■ **Your objective**
Reproduce every record below exactly, without the pictures.

============

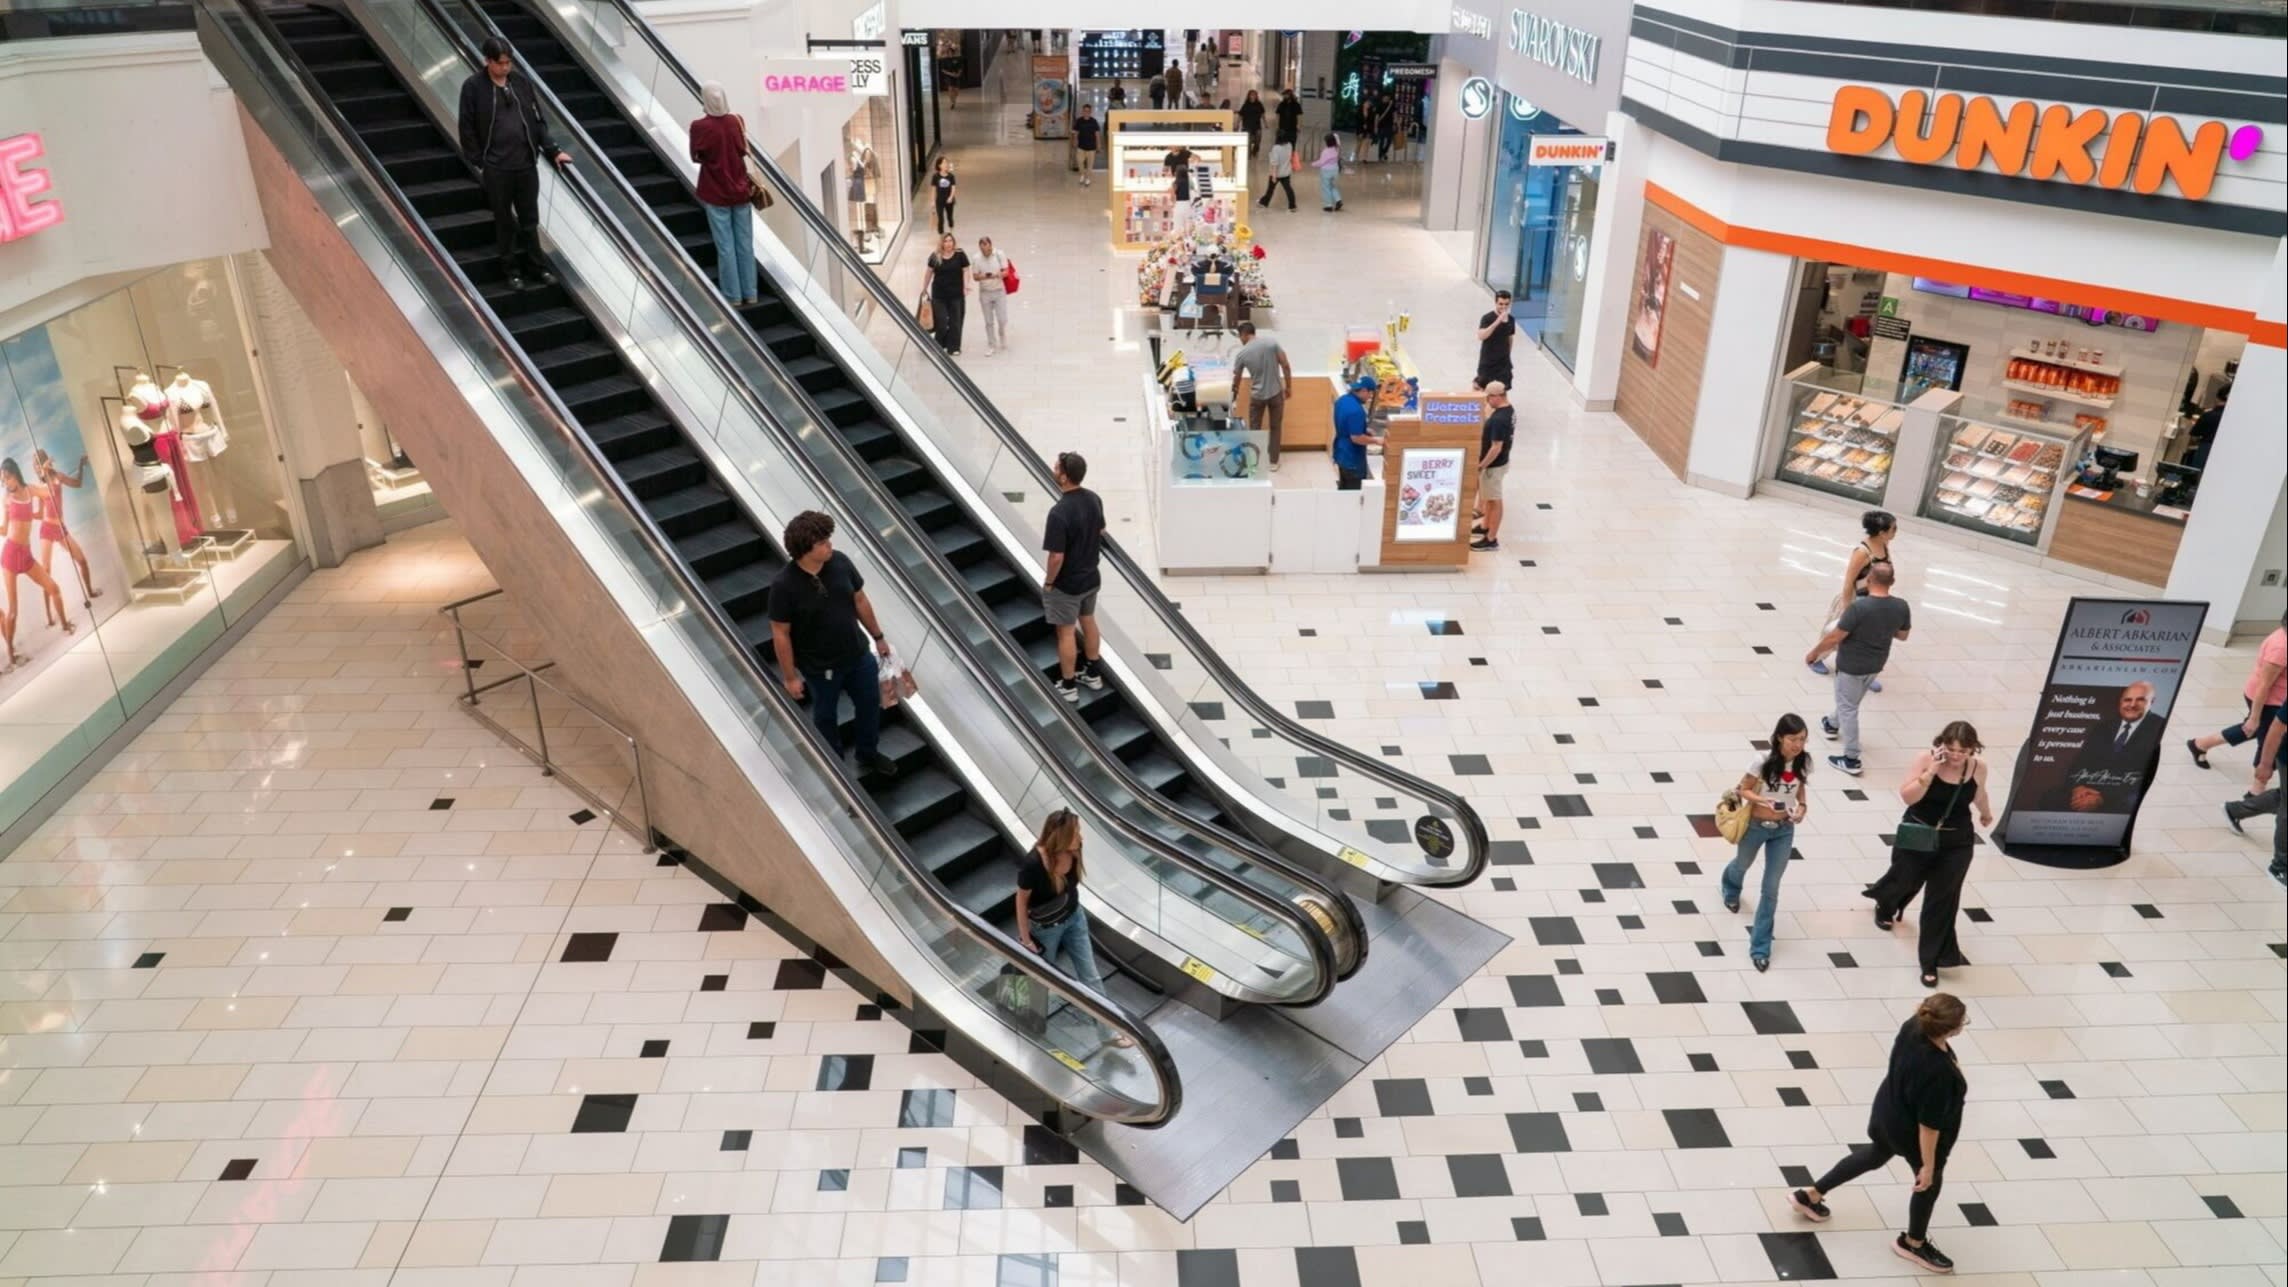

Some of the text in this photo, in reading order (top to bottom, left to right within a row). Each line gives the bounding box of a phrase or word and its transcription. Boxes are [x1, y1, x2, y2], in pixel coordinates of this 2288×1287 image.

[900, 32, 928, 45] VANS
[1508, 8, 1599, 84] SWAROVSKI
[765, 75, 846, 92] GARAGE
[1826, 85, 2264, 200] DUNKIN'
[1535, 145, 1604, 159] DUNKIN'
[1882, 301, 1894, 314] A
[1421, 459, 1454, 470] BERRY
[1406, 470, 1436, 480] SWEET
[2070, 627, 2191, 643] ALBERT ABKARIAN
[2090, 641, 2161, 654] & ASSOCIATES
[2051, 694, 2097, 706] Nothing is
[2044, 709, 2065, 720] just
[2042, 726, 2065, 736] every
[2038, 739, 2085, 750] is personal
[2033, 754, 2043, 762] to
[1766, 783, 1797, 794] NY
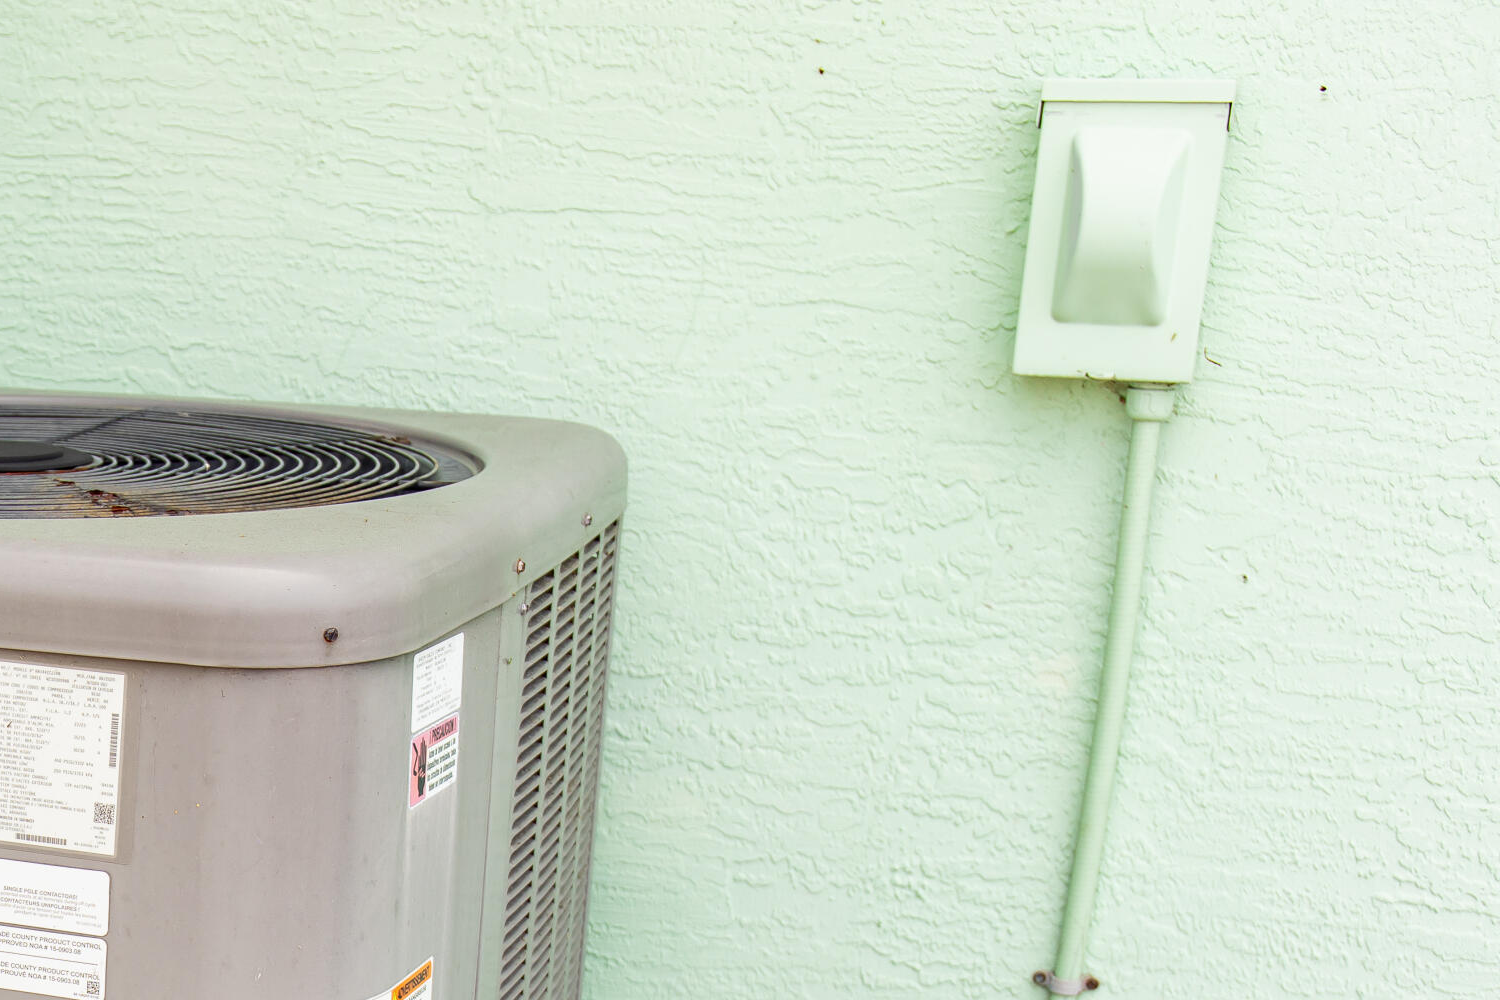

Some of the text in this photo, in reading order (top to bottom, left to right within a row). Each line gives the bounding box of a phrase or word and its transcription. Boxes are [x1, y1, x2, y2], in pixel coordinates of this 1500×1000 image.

============

■ **Response below**
Some of the text in this photo, in reading order (top to bottom, left to right within a row). Each line gives the bounding box of a phrase or word and its transcription. Boxes are [x1, y1, x2, y2], in pixel coordinates of this 2288×1287 image.

[900, 32, 928, 45] VANS
[1508, 8, 1599, 84] SWAROVSKI
[765, 75, 846, 92] GARAGE
[1826, 85, 2264, 200] DUNKIN'
[1535, 145, 1604, 159] DUNKIN'
[1882, 301, 1894, 314] A
[1421, 459, 1454, 470] BERRY
[1406, 470, 1436, 480] SWEET
[2070, 627, 2191, 643] ALBERT ABKARIAN
[2090, 641, 2161, 654] & ASSOCIATES
[2051, 694, 2097, 706] Nothing is
[2044, 709, 2065, 720] just
[2042, 726, 2065, 736] every
[2038, 739, 2085, 750] is personal
[2033, 754, 2043, 762] to
[1766, 783, 1797, 794] NY

Some of the text in this photo, in reading order (top to bottom, left to right within a row). Each line gives the bounding box of a phrase or word and its transcription. Boxes are [x1, y1, x2, y2], in pixel coordinates of this 1500×1000 image.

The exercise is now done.